The northern is similar to the southern side, but the walling is of knapped and not squared flints. C20 extensions have been placed against the lower walling and block the lower lights of the windows along this side which conform to the same pattern as those on the south of the building. The whole of this eastern wall was built in 1862, partially replacing earlier fabric at the centre which had become unsafe.
The western side has a central window of five lights with reticulated tracery to its head. This contains some original elements but, as with much of the tracery across the building, is of C19 date, but following the patterns seen in C18 and C19 prints of the building. At either side are buttresses with offsets. To the front of this side is a projecting, single-storey extension of 2021, housing a reception area with coffee and bookshops. This has plate glass windows of full height and at the centre is a portal with angled surround.
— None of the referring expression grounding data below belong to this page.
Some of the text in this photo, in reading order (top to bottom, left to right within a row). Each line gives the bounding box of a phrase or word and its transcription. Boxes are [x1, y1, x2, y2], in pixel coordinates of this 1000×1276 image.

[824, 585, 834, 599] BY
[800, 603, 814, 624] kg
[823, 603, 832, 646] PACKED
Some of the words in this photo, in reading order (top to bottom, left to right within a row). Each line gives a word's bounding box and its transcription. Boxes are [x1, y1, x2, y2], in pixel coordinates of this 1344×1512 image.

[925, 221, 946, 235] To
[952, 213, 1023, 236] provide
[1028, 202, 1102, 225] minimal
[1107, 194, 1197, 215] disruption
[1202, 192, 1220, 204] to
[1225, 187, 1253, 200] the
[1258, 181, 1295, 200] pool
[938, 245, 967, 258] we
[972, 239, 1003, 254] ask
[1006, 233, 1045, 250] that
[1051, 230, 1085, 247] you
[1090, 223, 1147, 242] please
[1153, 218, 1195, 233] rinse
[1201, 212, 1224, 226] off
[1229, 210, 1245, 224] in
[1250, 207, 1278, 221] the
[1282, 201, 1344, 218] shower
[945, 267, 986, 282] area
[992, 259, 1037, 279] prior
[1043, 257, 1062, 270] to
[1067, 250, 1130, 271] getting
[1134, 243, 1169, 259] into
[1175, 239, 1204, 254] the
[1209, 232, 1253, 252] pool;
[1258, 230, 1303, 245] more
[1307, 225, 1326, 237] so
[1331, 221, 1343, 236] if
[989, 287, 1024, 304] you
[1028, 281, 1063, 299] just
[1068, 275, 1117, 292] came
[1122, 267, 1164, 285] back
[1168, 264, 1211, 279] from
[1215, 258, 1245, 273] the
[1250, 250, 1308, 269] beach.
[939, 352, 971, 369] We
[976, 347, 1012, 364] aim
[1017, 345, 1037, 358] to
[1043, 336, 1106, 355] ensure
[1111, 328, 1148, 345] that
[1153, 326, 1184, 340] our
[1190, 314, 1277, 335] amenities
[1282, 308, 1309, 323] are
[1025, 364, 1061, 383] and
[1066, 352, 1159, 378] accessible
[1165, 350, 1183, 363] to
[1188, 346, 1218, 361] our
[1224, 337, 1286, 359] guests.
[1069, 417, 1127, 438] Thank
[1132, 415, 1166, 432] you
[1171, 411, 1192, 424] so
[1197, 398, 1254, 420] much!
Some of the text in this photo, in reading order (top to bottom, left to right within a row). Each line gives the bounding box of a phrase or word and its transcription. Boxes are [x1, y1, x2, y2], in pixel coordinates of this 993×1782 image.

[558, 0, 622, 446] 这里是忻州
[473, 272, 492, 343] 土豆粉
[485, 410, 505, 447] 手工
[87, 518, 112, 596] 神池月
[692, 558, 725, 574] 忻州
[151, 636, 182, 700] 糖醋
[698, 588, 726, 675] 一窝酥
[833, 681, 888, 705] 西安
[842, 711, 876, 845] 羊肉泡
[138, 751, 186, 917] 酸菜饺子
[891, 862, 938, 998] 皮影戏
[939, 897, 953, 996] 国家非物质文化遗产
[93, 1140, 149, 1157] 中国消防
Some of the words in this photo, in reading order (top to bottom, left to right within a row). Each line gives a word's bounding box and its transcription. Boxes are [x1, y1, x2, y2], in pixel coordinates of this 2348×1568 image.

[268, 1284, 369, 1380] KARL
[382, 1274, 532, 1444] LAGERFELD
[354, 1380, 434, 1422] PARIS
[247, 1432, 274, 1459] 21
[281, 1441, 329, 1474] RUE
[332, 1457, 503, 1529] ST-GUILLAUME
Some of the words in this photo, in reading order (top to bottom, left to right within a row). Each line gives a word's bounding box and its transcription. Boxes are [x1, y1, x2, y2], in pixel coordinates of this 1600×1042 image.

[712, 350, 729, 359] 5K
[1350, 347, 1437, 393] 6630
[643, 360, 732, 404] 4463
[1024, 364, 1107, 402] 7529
INTERIOR: the nave is flanked by aisle arcades of five bays of which the easternmost bay is shorter than the others. These have attached, semi-circular columns to each side with sharply-angled fillets set between. The bases have water-holding mouldings and bell capitals support a series of hollow-chamfered arches. Two columns still show evidence of the initials inscribed by inmates when the building was used as a prison. The roof structures of the nave and aisles are C19 and have ashlar posts, cusped wind braces and, to the nave and transepts, tie beams and king posts with arched braces.
C19 furnishings include the pulpit and font of Caen stone, the series of wall monuments and the elaborate wrought iron brackets of the late-C19 gasoliers which were converted to electroliers in 1930 and fitted with new suspended lights in the early C21. The reredos was designed by William Ravenscroft (see Sources: SM Gold). The organ in the north transept is a replacement fitted in 1888 with a case of 1894.
The area below the western window has been remodelled to accommodate a pair of double doors. The floor was raised in 2000 and is now of white ceramic tiles. At the eastern end beneath a raised platform is an immersion font of cruciform shape. Medieval floor tiles, which were found on site as the building was reinstated as a church, are displayed in a case on the northern wall and show images of hares, stags, dogs and geometrical patterns.